Good luck on everything though and congrats on the job!


I'm don't even hold a job (not old enough), but I can still give help right?

Well, I suggest making sure that when you interview people you're as nice as possible, and when you're interviewing you don't sound bored, but genuinly exicited, no matter what your real feelings are. And if you are getting things assigned to you, try to go the extra mile even if you really hate it, cause that's what makes you climb up the ladder in the industury.
Always try to make the reader want to keep on, like the above poster said, she found out about Bob (also in America) and she kept going back to that. For instance, I read an article simply because it was entitled 'Which Wrestilng Superstar considers himself a Barack Obama?' I read all the way through it, and it told me in the middle why he said that. I was so interested in teh beginning I kept on reading even after the question was answered cause it hooked me in. Which is what you wanna do.


Senior Member
You might even consider going on ebay and getting any of the several books by Mitch Albom.....not his fiction books but his books that are compilations of his columns for the detroit free press. He has been well received nationally, and though he is a sports columnist, his columns often deal with anything but sports and they are great examples of "slice of life" writing........
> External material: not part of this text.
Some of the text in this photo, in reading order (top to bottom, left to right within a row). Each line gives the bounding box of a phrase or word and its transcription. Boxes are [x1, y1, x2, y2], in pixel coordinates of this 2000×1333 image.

^ Dang, I knew I forgot someone...and for one more day is right here next to me...oh well, modfied is right, he's a good columinst and could suck you in if he was describing a cubicle.


Senior Member
My two cents, if you please.

First, when doing the interview, listen intently and actively, note questions down and ask them when there's a natural pause in the conversation. Don't interrupt your subjects train of thought. Too many interruptions and the only thing you'll end up with is a fragmented and shallow rendition. Try to keep a pleasant expression, welcoming and encouraging, but don't react too much to your interviewee or they'll start playing to your emotions. Watch their body language and make note of it in your notes where it occurs. Body language speaks volumes and there are books in kinesic interview techniques that can help you hone your skills. Make sure your interview takes place in a quiet, comfortable place where you won't be interrupted by people or other busyness in the environment around you.
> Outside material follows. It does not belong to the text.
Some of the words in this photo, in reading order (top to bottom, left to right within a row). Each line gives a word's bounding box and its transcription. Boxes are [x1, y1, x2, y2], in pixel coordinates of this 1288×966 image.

Second, when relating the story back to your audience, picture them as one person, a friend, to whom you want to tell the real substance of the story. Don't be in a hurry to blurt it out -- too many writers do tend to seem in a hurry. Make sure you're covering all the senses, too, or as many as possible.
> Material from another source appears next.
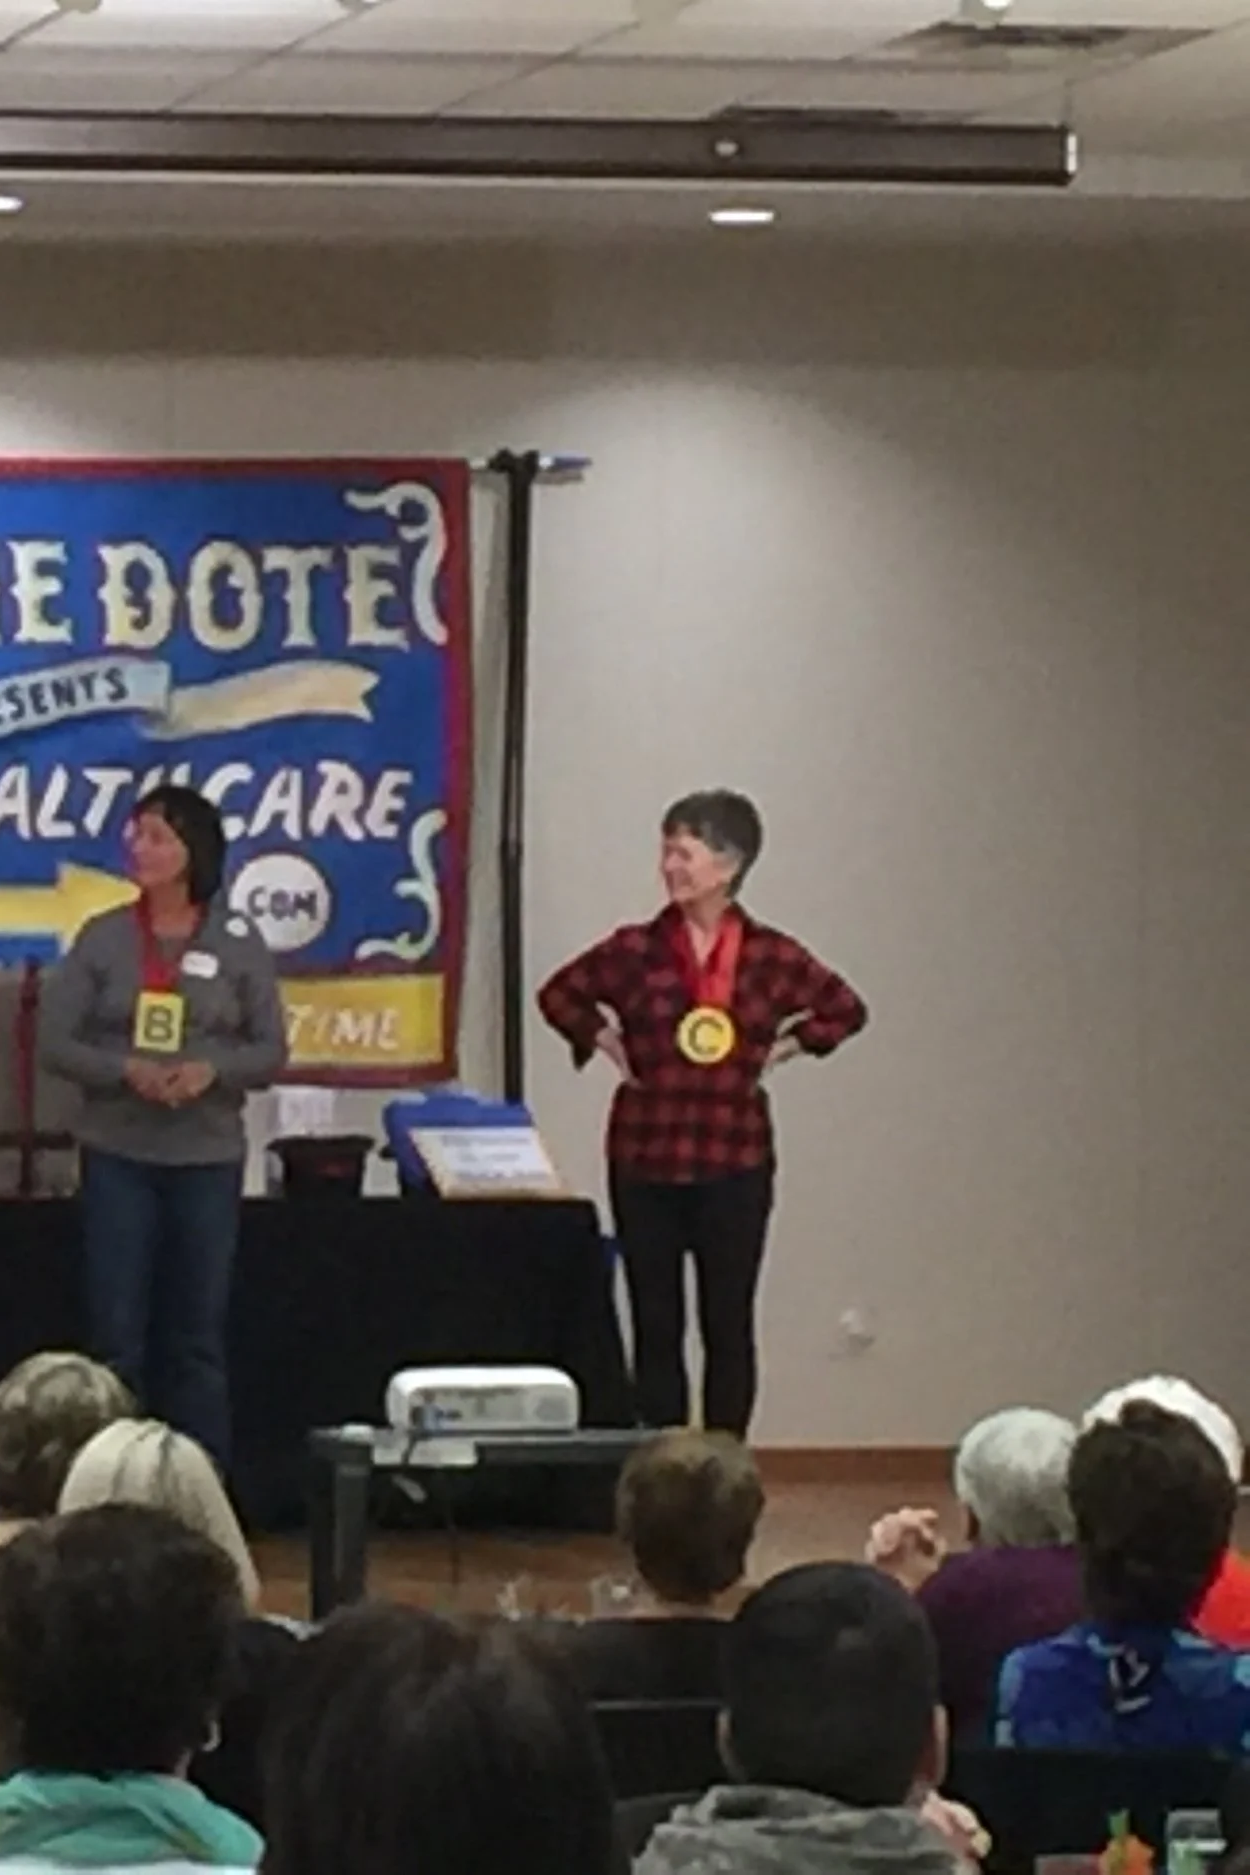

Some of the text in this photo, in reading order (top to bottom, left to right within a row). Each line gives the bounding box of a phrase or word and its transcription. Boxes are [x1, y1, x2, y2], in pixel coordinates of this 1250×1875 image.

[97, 540, 410, 652] DOTE
[145, 1004, 172, 1042] B
[286, 1003, 399, 1050] TIME
[688, 1016, 724, 1055] C
Third, study the essays of E.B. White. Your local library should have them all. He was a fantastic essayist and storyteller and you'd do well to learn from him. Don't try to mimic him. He has his style and you'll develop yours, but you'll find that he's a thinking man's man and that's what endeared him to generations of readers.

Finally, read your work out loud to yourself before you submit it. Record it if you must and listen to the piece. It will help you fine tune.